1. Myth: If you approach the insurance carrier reasonably, you will be offered a fair settlement proposal.

Reality: Like most businesses, insurer companies operate on a profit basis and will not always make an offer that is in your best interests.

2. Myth: After your accident the insurance carrier may call you for a recorded statement. You are required to provide this statement to move forward with your claim.

Reality: A recorded statement is NOT required to settle your claim. In fact, we strongly recommend speaking with an attorney prior to giving a recorded statement. This statement is your account of the accident and may be used against you in the future. Particular words or phrasing may have a legal significance that you are unaware at the time you give your recorded statement and this may affect your claim.

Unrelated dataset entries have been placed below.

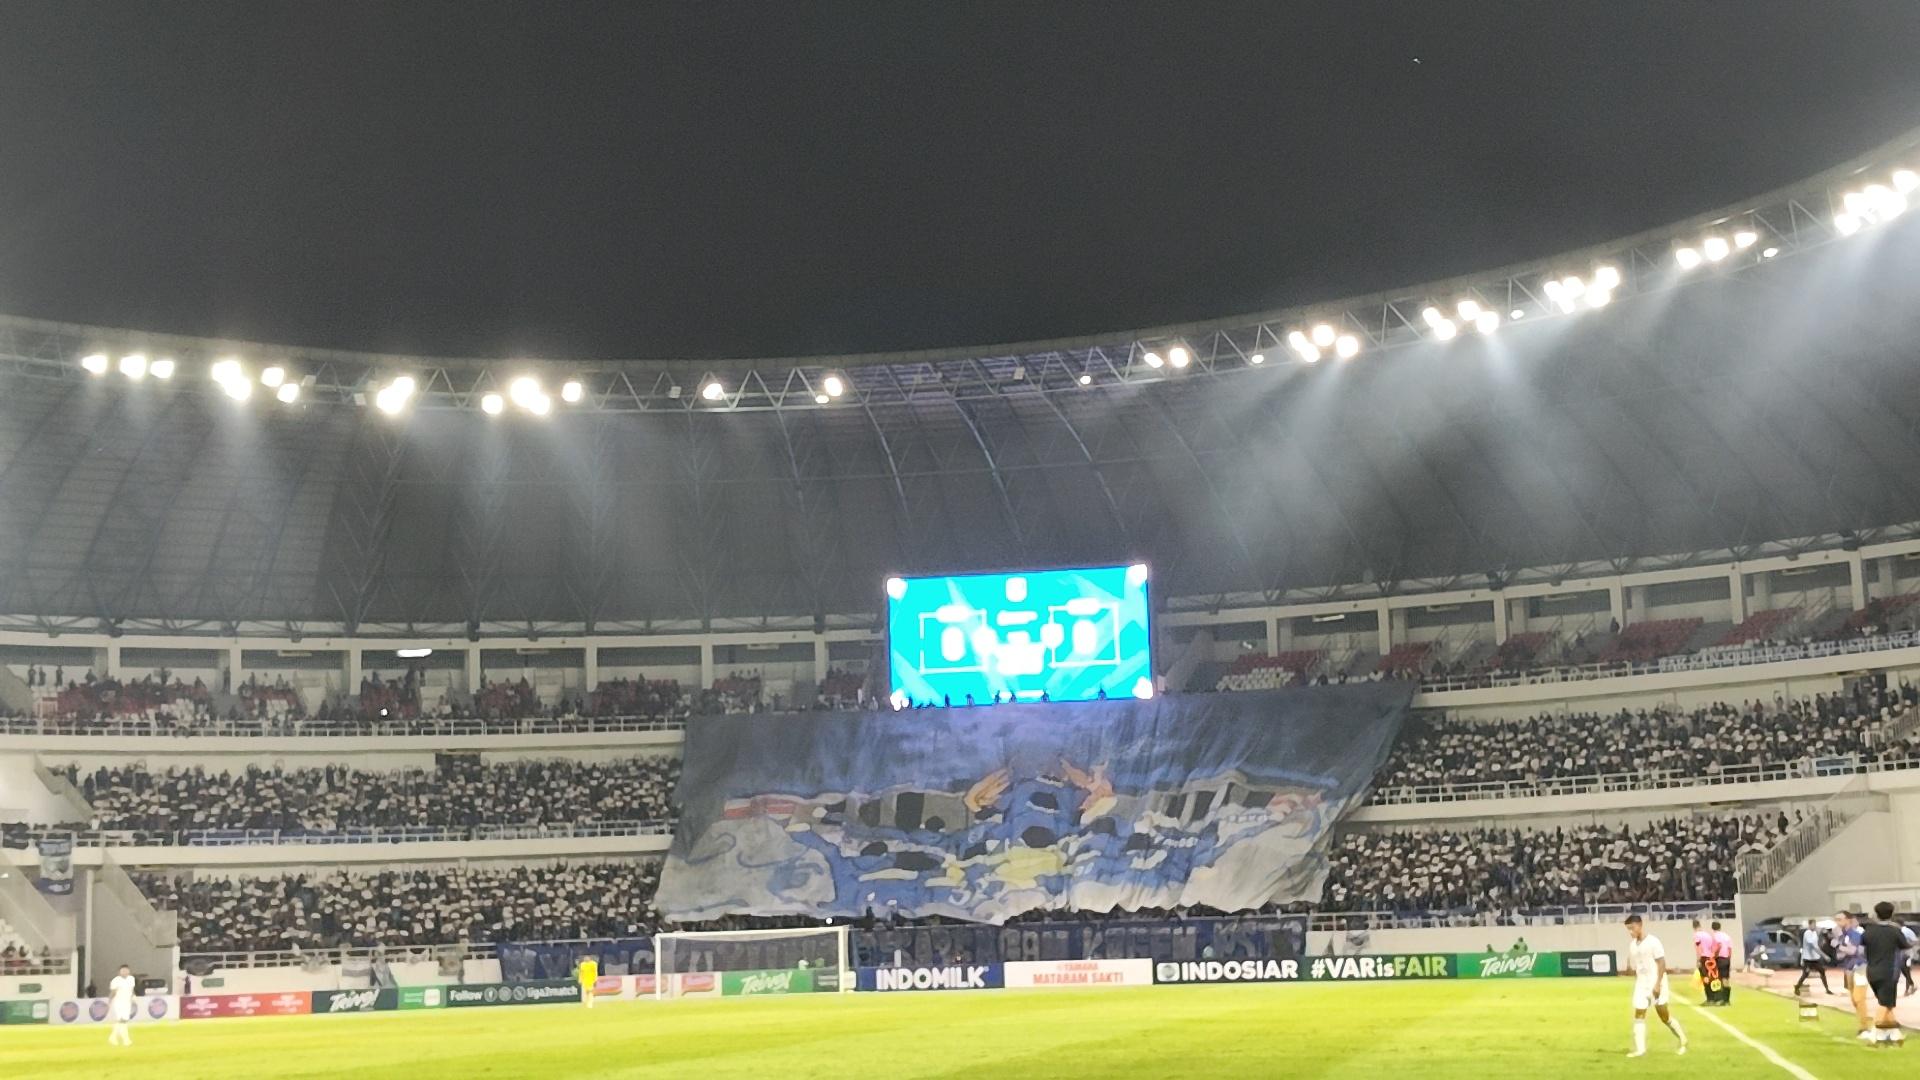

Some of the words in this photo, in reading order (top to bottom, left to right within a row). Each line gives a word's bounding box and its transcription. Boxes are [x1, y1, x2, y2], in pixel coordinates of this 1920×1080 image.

[876, 966, 985, 989] INDOMILK
[1033, 972, 1088, 984] MATARAM
[1092, 971, 1124, 983] SAKTI
[1182, 960, 1298, 981] INDOSIAR
[1311, 956, 1448, 979] #VARisFAIR
[450, 990, 483, 1001] Follow

3. Myth: When someone hits and injures you, their insurance company is required to pay your medical bills.

Reality: At first glance, this statement appears truthful. What’s missing is the unwritten “if” at the end. One big “if” is your ability to prove that your injury is related to the accident. Another big “if” is whether or not the insurer decided to pay the medical bill as presented. They may decide to pay only a portion, leaving you responsible for the remainder.

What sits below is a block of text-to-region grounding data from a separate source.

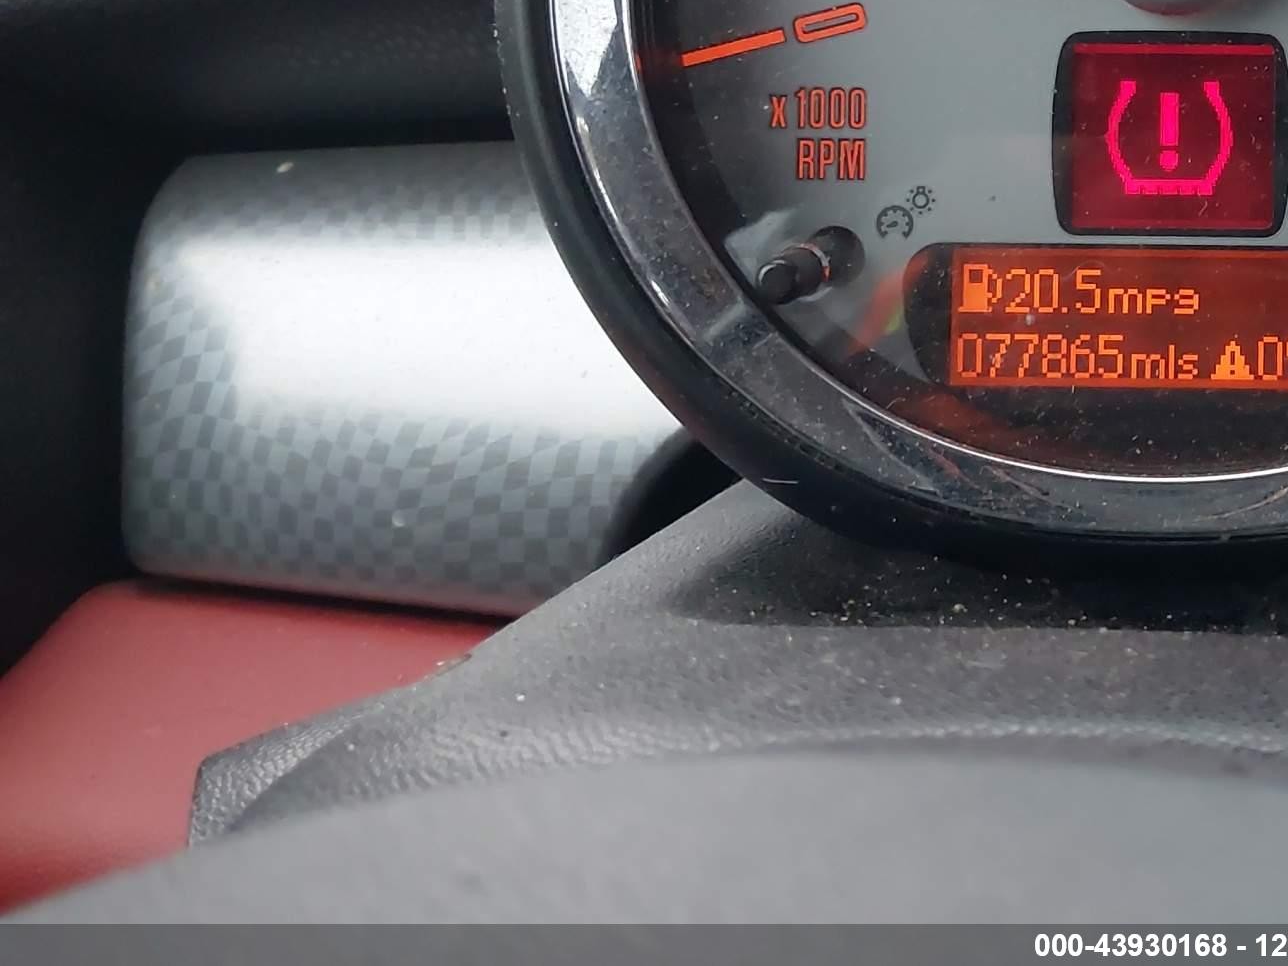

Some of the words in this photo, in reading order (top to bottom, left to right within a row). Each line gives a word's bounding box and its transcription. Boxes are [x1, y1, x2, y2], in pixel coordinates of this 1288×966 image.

[793, 1, 868, 44] 0
[796, 137, 867, 181] RPM
[1004, 268, 1102, 314] 20.5
[1107, 287, 1200, 315] mpg
[957, 333, 1125, 379] 077865

4. Myth: All attorneys charge their clients 33% to handle your accident case.

Reality: While this is typically a true statement, our contract states that if our fee is larger than what you net after your expenses (medical bills and liens) have been paid out, we will reduce our fee so that your net is greater than our fee.

5. Myth: If you have been in an accident and are not at fault, an insurance company will pay for your bills, lost wages and injuries.

Reality: The burden of proof is on you, the claimant, to prove that your claim is related, documented, and payable. If you cannot do so, they will refuse to pay all or part of your claim.